- [DIRECTIONS]: Please repeat the listing in its entirety, without any alteration.

- [RECORD SET]:
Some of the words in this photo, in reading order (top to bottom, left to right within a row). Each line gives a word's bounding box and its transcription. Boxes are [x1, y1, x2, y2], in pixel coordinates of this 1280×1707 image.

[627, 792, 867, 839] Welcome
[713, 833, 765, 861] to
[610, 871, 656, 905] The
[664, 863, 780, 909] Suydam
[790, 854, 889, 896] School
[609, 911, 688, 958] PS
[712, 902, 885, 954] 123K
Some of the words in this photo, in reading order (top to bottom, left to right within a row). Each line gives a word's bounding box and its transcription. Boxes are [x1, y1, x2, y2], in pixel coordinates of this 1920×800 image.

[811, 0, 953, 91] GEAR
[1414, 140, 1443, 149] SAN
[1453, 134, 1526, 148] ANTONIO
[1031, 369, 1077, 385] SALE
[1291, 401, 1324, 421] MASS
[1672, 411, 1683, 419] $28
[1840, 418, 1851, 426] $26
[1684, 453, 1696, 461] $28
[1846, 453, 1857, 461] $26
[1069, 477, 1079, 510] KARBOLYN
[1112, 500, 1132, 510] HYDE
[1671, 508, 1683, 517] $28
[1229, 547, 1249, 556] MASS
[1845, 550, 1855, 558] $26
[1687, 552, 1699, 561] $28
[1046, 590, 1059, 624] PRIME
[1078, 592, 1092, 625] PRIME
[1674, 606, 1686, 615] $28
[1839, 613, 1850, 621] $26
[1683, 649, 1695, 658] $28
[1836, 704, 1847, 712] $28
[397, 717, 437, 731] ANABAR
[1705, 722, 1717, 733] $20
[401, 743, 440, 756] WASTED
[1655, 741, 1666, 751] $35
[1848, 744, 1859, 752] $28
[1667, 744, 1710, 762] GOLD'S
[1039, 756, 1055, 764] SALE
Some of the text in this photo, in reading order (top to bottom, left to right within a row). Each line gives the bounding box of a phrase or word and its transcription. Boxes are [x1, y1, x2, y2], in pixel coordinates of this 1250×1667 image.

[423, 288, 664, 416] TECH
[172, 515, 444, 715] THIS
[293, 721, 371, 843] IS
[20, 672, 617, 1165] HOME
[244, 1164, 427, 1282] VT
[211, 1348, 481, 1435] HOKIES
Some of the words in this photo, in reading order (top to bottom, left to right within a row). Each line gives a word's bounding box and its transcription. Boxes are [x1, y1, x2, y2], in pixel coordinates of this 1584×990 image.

- [OUTPUT]:
Some of the words in this photo, in reading order (top to bottom, left to right within a row). Each line gives a word's bounding box and its transcription. Boxes are [x1, y1, x2, y2], in pixel coordinates of this 1280×1707 image.

[627, 792, 867, 839] Welcome
[713, 833, 765, 861] to
[610, 871, 656, 905] The
[664, 863, 780, 909] Suydam
[790, 854, 889, 896] School
[609, 911, 688, 958] PS
[712, 902, 885, 954] 123K
Some of the words in this photo, in reading order (top to bottom, left to right within a row). Each line gives a word's bounding box and its transcription. Boxes are [x1, y1, x2, y2], in pixel coordinates of this 1920×800 image.

[811, 0, 953, 91] GEAR
[1414, 140, 1443, 149] SAN
[1453, 134, 1526, 148] ANTONIO
[1031, 369, 1077, 385] SALE
[1291, 401, 1324, 421] MASS
[1672, 411, 1683, 419] $28
[1840, 418, 1851, 426] $26
[1684, 453, 1696, 461] $28
[1846, 453, 1857, 461] $26
[1069, 477, 1079, 510] KARBOLYN
[1112, 500, 1132, 510] HYDE
[1671, 508, 1683, 517] $28
[1229, 547, 1249, 556] MASS
[1845, 550, 1855, 558] $26
[1687, 552, 1699, 561] $28
[1046, 590, 1059, 624] PRIME
[1078, 592, 1092, 625] PRIME
[1674, 606, 1686, 615] $28
[1839, 613, 1850, 621] $26
[1683, 649, 1695, 658] $28
[1836, 704, 1847, 712] $28
[397, 717, 437, 731] ANABAR
[1705, 722, 1717, 733] $20
[401, 743, 440, 756] WASTED
[1655, 741, 1666, 751] $35
[1848, 744, 1859, 752] $28
[1667, 744, 1710, 762] GOLD'S
[1039, 756, 1055, 764] SALE
Some of the text in this photo, in reading order (top to bottom, left to right within a row). Each line gives the bounding box of a phrase or word and its transcription. Boxes are [x1, y1, x2, y2], in pixel coordinates of this 1250×1667 image.

[423, 288, 664, 416] TECH
[172, 515, 444, 715] THIS
[293, 721, 371, 843] IS
[20, 672, 617, 1165] HOME
[244, 1164, 427, 1282] VT
[211, 1348, 481, 1435] HOKIES
Some of the words in this photo, in reading order (top to bottom, left to right within a row). Each line gives a word's bounding box and its transcription. Boxes are [x1, y1, x2, y2], in pixel coordinates of this 1584×990 image.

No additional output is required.